I notice today is Andy Devine's birthday. He was born in 1905 and died in 1977. I remember him best as Sheriff Link Appleyard in The Man Who Shot Liberty Valance. I am reminded of the great supporting actors in westerns. I loved all the main stars, of course, and still do, but the supporting cast members were/are always a delight to see when they popped/pop up on the screen.
Supporting actors were crucial to westerns on the big and small screens and over the years they became some of the most loved characters in celluloid history.
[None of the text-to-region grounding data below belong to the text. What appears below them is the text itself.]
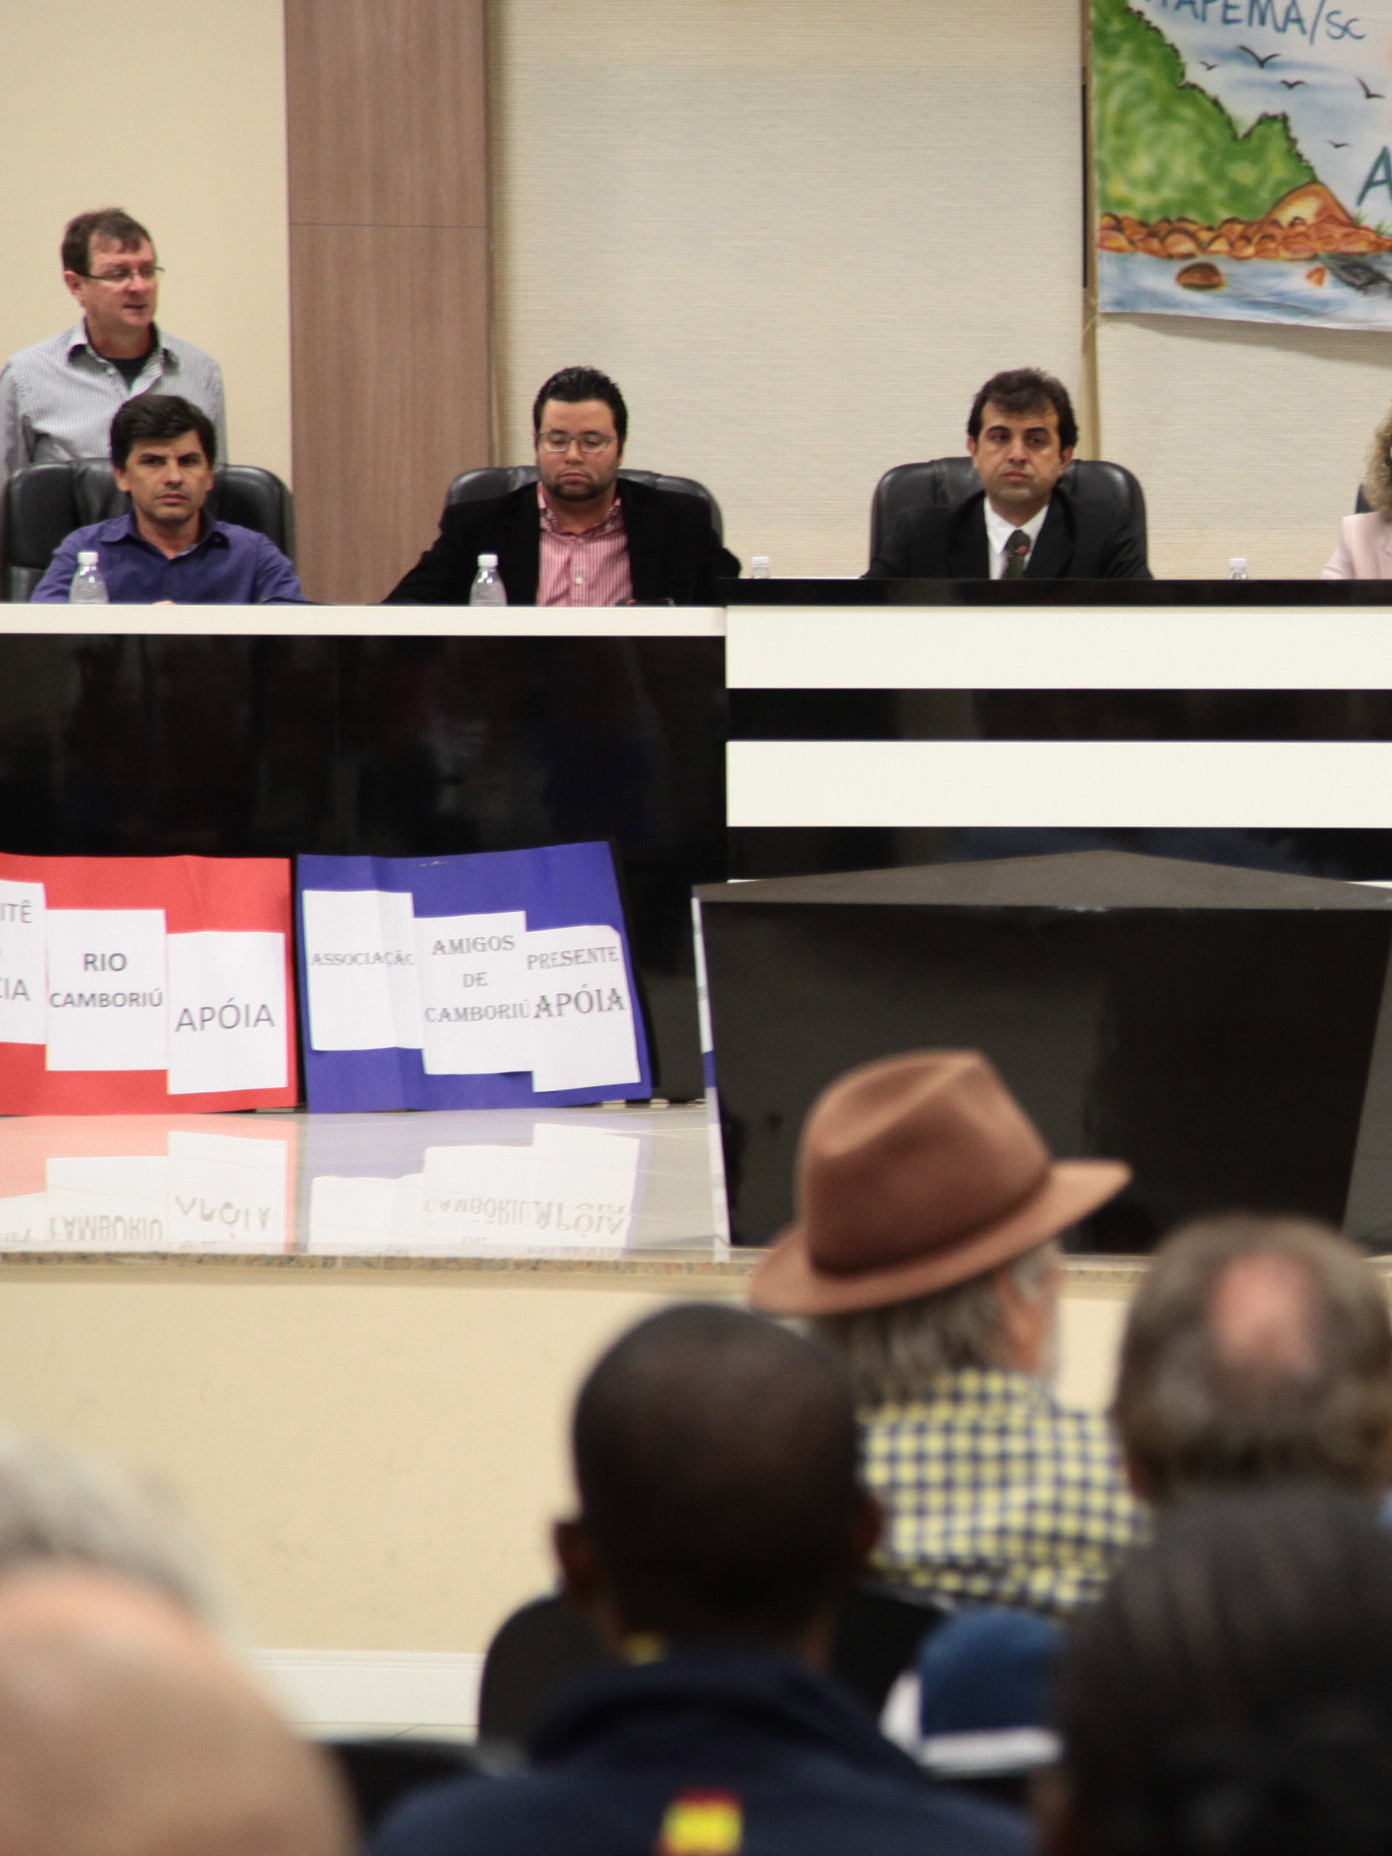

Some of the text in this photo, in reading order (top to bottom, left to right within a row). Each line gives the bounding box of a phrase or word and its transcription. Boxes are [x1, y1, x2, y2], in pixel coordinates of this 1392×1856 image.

[431, 935, 515, 956] AMIGOS
[83, 953, 128, 972] RIO
[527, 945, 620, 971] PRESENTE
[463, 971, 488, 988] DE
[50, 988, 163, 1008] CAMBORIÚ
[531, 982, 626, 1019] APÓIA
[175, 998, 275, 1033] APÓIA
[424, 999, 532, 1023] CAMBORIÚ
I know this will make non-western fans’ eyes glaze over but I just have to list these fine people (from memory, as they come to me):
As well as Andy Devine, Chill Wills, Harry Carey, Harry Carey Jr, John Carradine, Gabby Hayes, Ken Curtis, Hank Worden, Slim Pickens, Rory Calhoun, Rod Cameron, Edgar Buchanan, Jay C Flippen, Robert J Wilke, L Q Jones, Iron Eyes Cody, Raymond Burr, Whit Bissell, John Larch, Hugh O’Brian, Arthur Hunnicut, Barton MacLane, Cesar Romero, Dub Taylor, Jim Davis, Dan Duryea, Frank Ferguson, Leo Gordon, Gene Evans, Royal Dano, R G Armstrong, Forrest Tucker, George Montgomery, Bruce Cabot, Strother Martin, Noah Beery, Noah Beery Jr, Ernest Borgnine, Lee Van Cleef, Walter Brennan, Victor McLaglen, Ken Curtis, Jeff Chandler, Henry Brandon, Van Heflin, Arthur Kennedy, John Ireland, Jeff Corey, Ben Johnson, Dean Jagger, John McIntire, Ray Teal, Victory Jory, Paul Fix, Claude Akins, Rudolfo Acosta, Percy Helton, Ward Bond, Edmond O’Brien, Richard Jaeckel, Denver Pyle, Warren Oates, Dennis Hopper, Robert Duvall, Woody Strode, Sam Elliott, Bruce Dern, Jason Robards, Anthony Quinn, Lee Marvin, Jack Palance and George Kennedy.
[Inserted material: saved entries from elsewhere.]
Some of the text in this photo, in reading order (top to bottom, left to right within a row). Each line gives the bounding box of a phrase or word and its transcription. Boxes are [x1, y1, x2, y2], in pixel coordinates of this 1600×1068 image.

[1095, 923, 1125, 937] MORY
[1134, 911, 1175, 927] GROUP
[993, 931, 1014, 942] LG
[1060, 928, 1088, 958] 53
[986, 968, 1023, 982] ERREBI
Some of your favourite names may be missing and I fully acknowledge that some of these guys became bigger stars than others. But without them, whatever their star status, western films and TV shows would have been the poorer for their absence.
It will be noted that I have not mentioned any women in these meanderings and that is certainly not out of disrespect for the contributions made to the western genre by many fine actresses. It is just that on this nostalgic trip, this boy remembers the cowboys more than the cowgirls. That is not to say that there wasn’t a frisson of adolescent excitement when Jane Russell appeared or the warm-hearted Katy Jurado or the bossy Barbara Stanwyck or the unsettling Marlene Dietrich or the deliciously waspish Maureen O’Hara. This is a politically incorrect boy’s own trip! In this modern, sensitive age of giving and taking offence too easily, I cannot nor do I have the inclination to defend this male stance. It was just the way it was when I was a nipper.
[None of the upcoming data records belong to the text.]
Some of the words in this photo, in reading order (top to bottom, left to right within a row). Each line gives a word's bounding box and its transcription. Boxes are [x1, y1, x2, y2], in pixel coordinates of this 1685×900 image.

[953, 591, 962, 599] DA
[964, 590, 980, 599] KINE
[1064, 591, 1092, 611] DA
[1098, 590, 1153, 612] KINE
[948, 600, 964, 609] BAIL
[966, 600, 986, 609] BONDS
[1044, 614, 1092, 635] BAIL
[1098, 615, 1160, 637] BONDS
Now let’s get back to that list of supporting actors and the flaw within.
One person is missing because I want him to be applauded all on his own as the greatest of them all, the one man who could play villains and buffoons, bad guys, good guys and those in between, the man with a face like no other, the actor that was impossible to ignore in films and on television from the mid-1940s to the mid-1990s.
Ladies and gentlemen,
join me as I salute and applaud………. Jack Elam.